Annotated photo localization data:
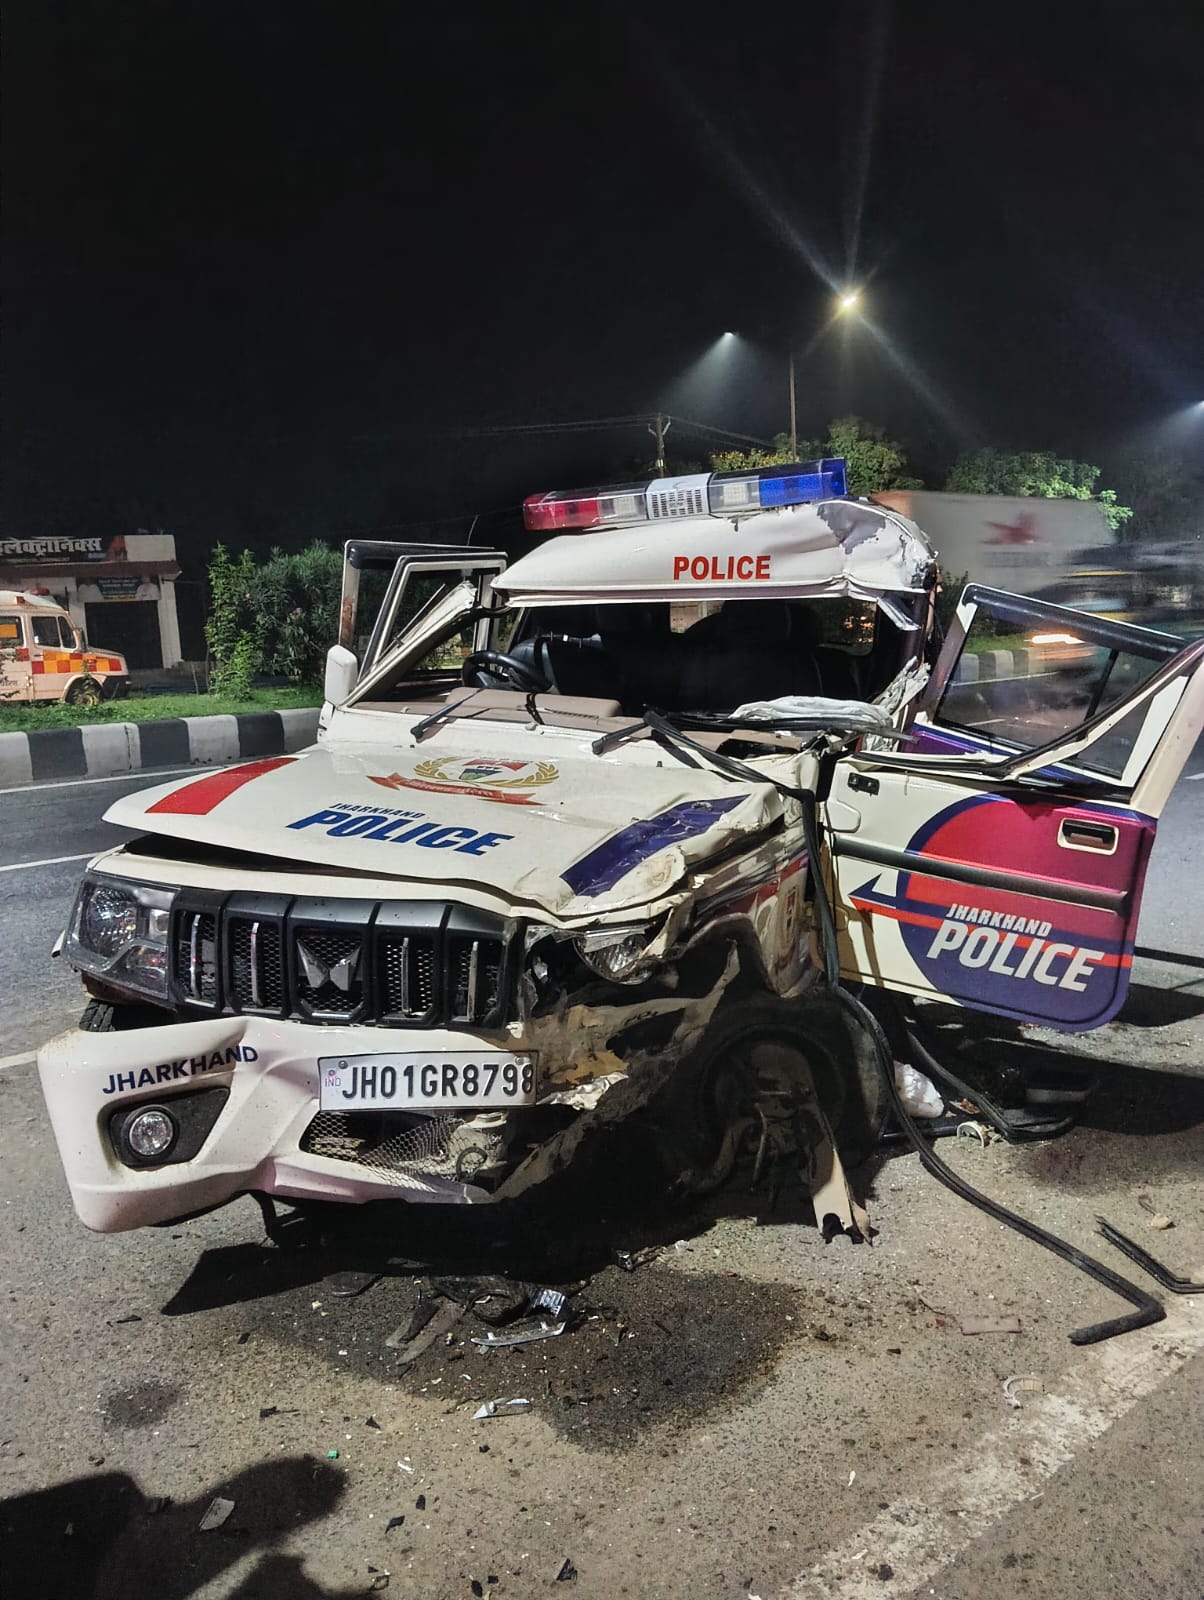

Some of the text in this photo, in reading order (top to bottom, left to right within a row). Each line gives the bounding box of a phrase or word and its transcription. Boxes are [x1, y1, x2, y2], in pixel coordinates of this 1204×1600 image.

[673, 555, 771, 580] POLICE
[328, 803, 426, 818] JHARKHAND
[285, 809, 515, 856] POLICE
[946, 903, 1053, 937] JHARKHAND
[926, 919, 1105, 993] POLICE
[102, 1045, 258, 1094] JHARKHAND
[342, 1063, 534, 1099] JH01GR8798
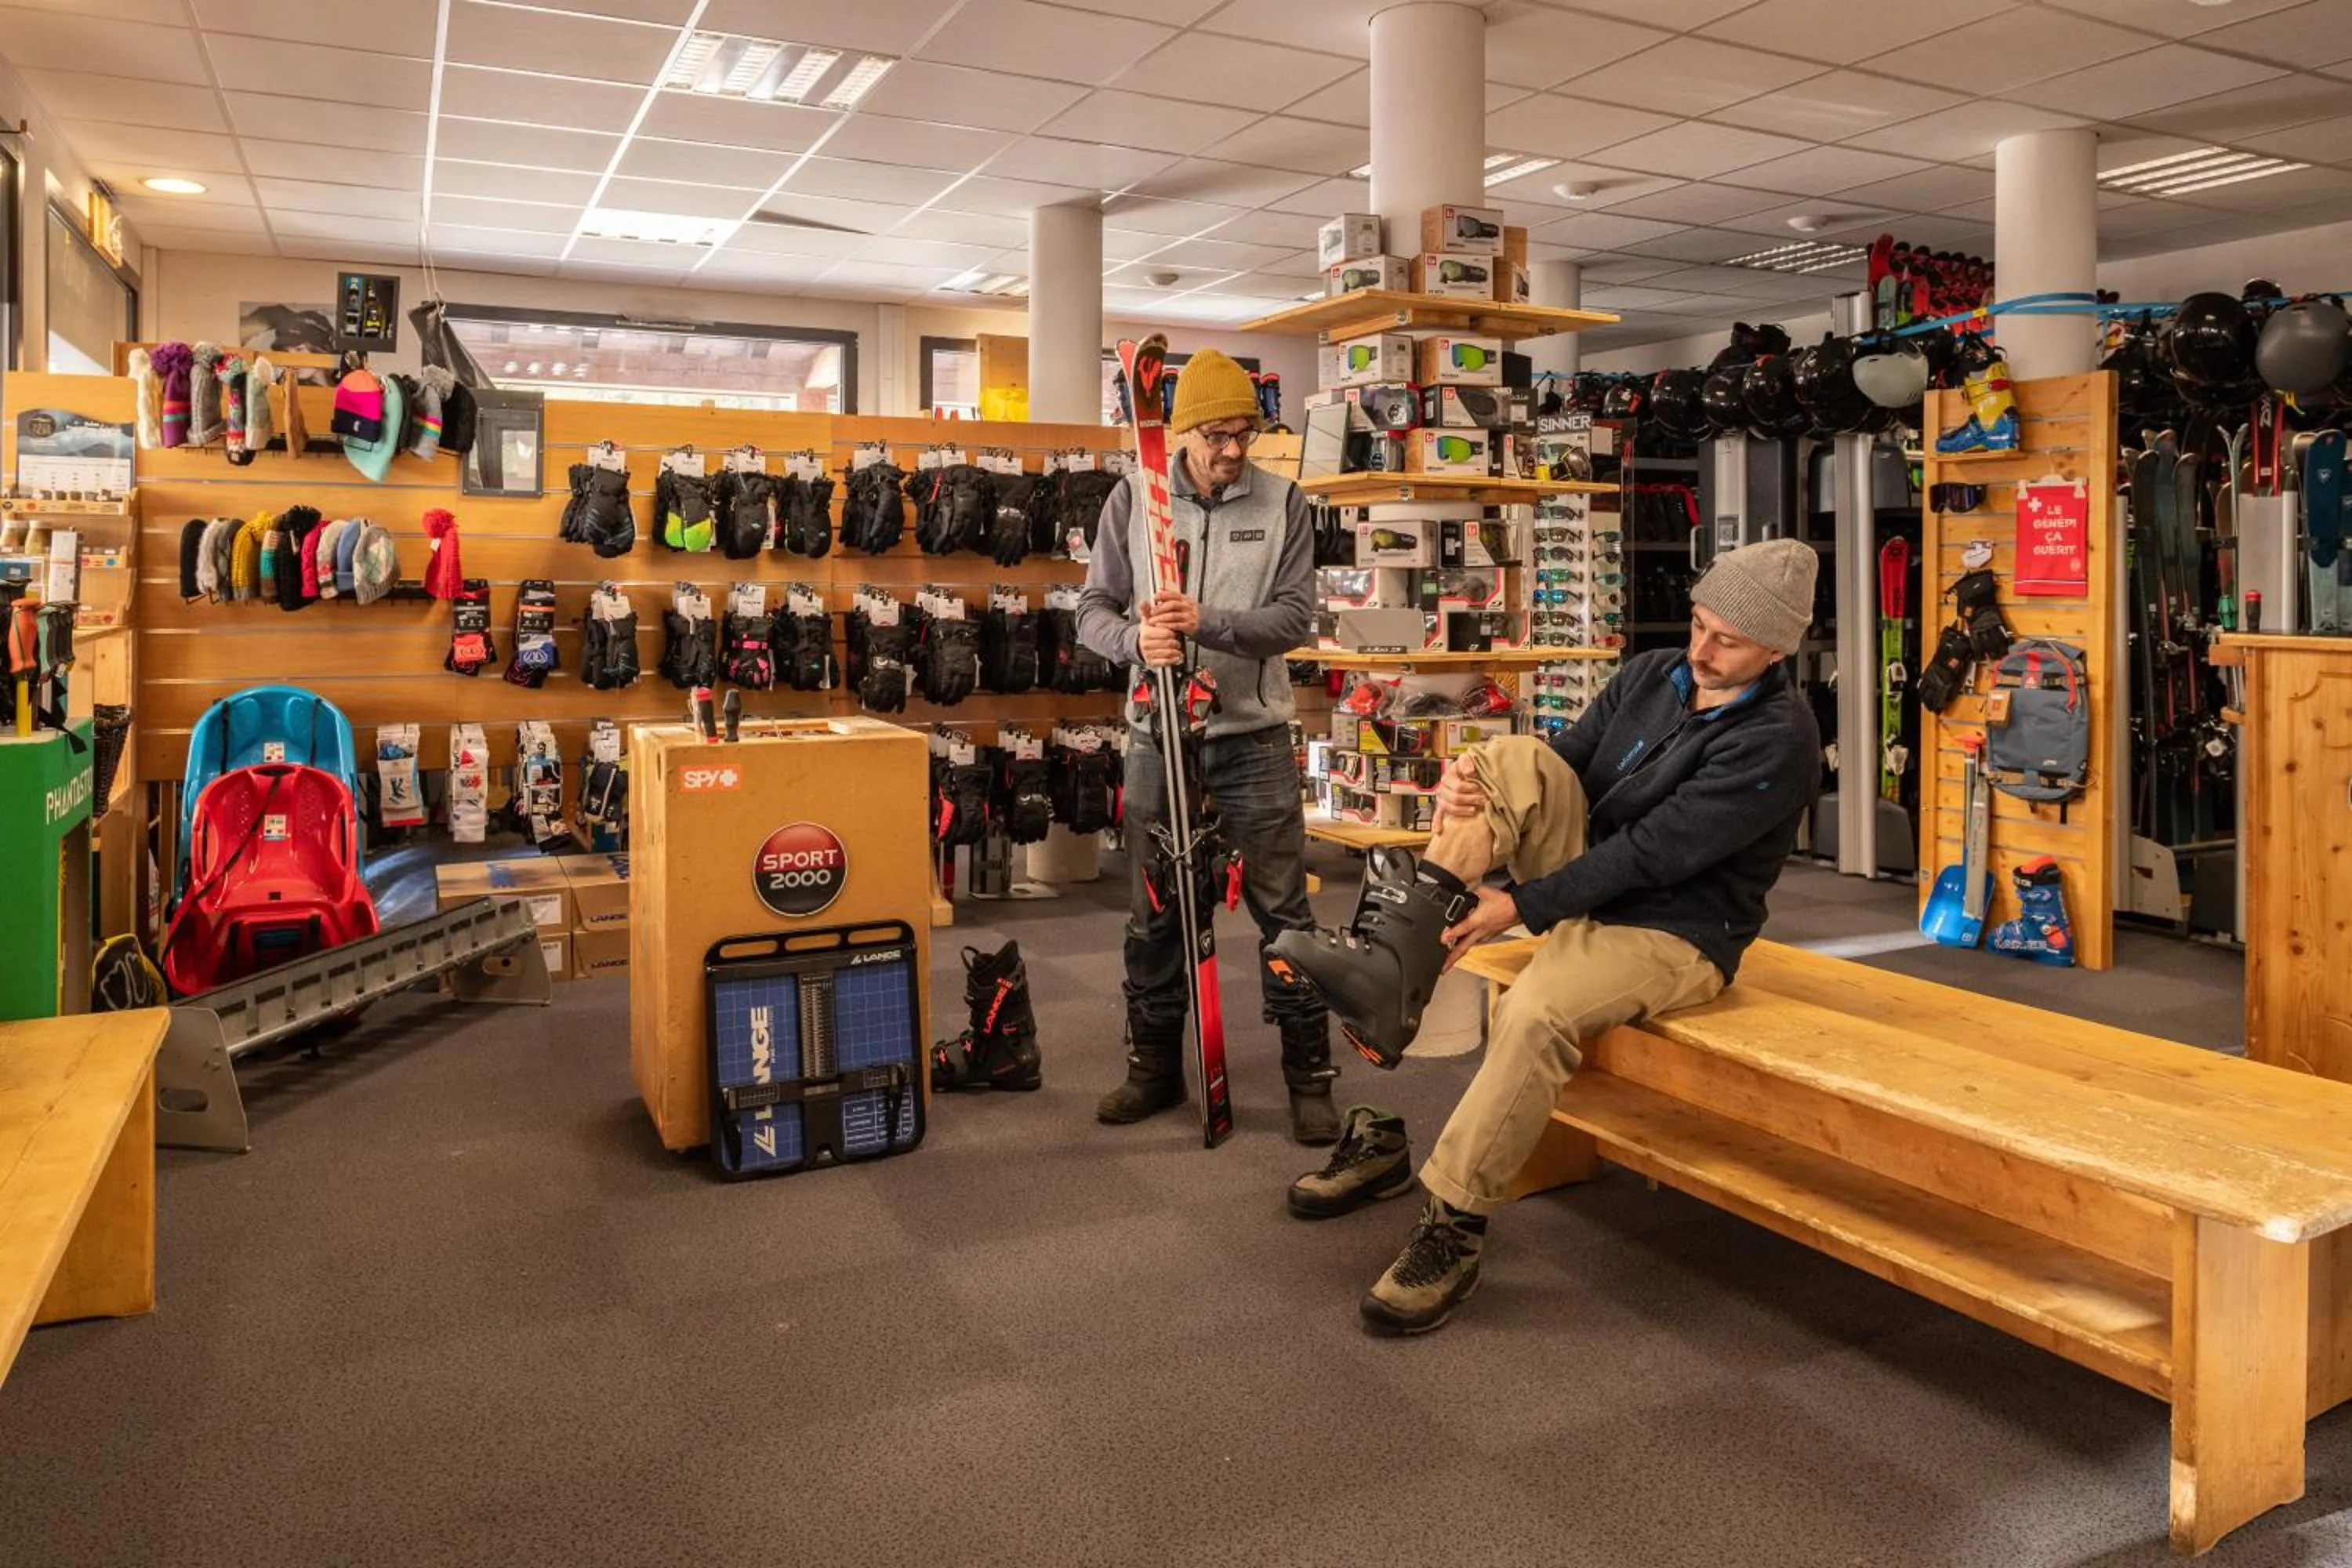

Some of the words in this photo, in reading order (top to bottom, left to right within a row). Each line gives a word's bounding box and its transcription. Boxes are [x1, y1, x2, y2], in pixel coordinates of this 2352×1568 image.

[1539, 415, 1591, 432] SINNER
[2047, 505, 2063, 515] LE
[2045, 531, 2063, 544] ÇA
[684, 769, 720, 789] SPY
[764, 849, 838, 871] SPORT
[770, 869, 832, 890] 2000
[750, 1005, 773, 1120] LNGE
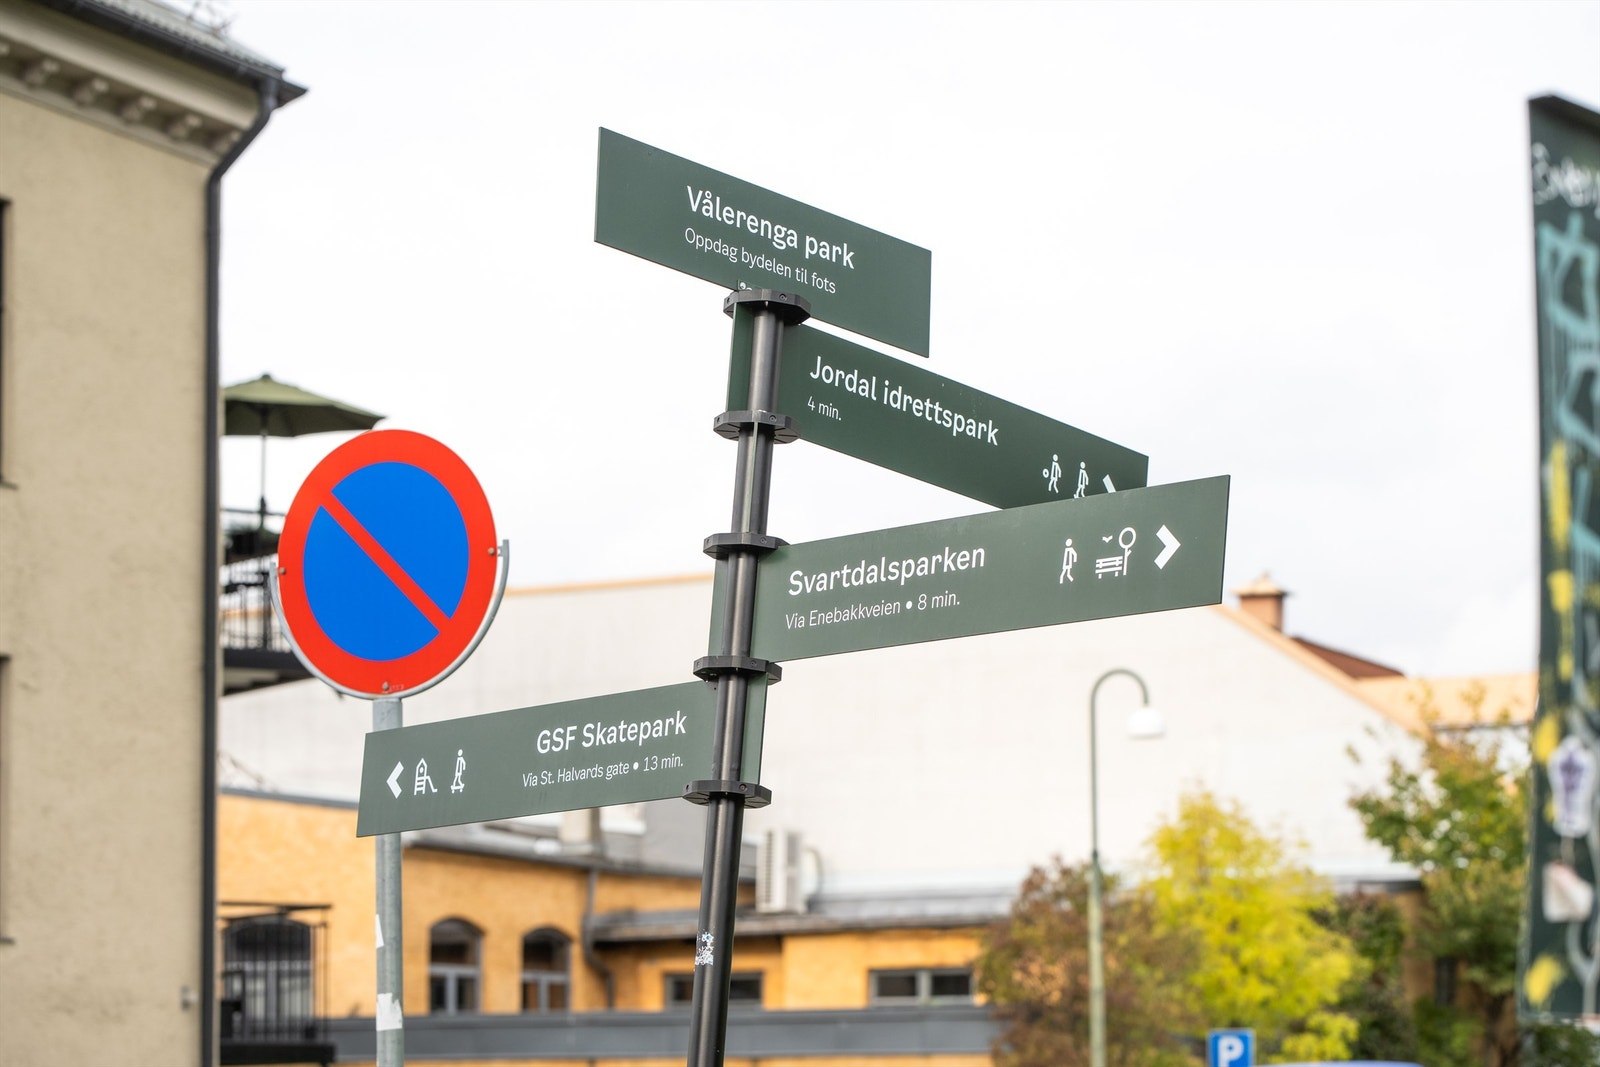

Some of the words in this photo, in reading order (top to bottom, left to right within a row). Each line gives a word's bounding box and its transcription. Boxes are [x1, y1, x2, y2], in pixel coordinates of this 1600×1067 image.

▶ **EXERCISE DESCRIPTION**
Each record must be repeated verbatim, and no picture may appear in the copy.

▶ **RESULT FOR THIS TASK**
Some of the text in this photo, in reading order (top to bottom, left to right within a row). Each line gives the bounding box of a phrase or word and its transcription. Boxes are [x1, y1, x2, y2], in pixel coordinates of this 1204×1600 image.

[673, 555, 771, 580] POLICE
[328, 803, 426, 818] JHARKHAND
[285, 809, 515, 856] POLICE
[946, 903, 1053, 937] JHARKHAND
[926, 919, 1105, 993] POLICE
[102, 1045, 258, 1094] JHARKHAND
[342, 1063, 534, 1099] JH01GR8798

Some of the words in this photo, in reading order (top to bottom, left to right within a row). Each line gives a word's bounding box and its transcription. Boxes are [x1, y1, x2, y2], in pixel coordinates of this 2352×1568 image.

[1539, 415, 1591, 432] SINNER
[2047, 505, 2063, 515] LE
[2045, 531, 2063, 544] ÇA
[684, 769, 720, 789] SPY
[764, 849, 838, 871] SPORT
[770, 869, 832, 890] 2000
[750, 1005, 773, 1120] LNGE

Some of the words in this photo, in reading order (top to bottom, left to right within a row). Each line gives a word's bounding box and its transcription. Boxes are [x1, y1, x2, y2], in pixel coordinates of this 1600×1067 image.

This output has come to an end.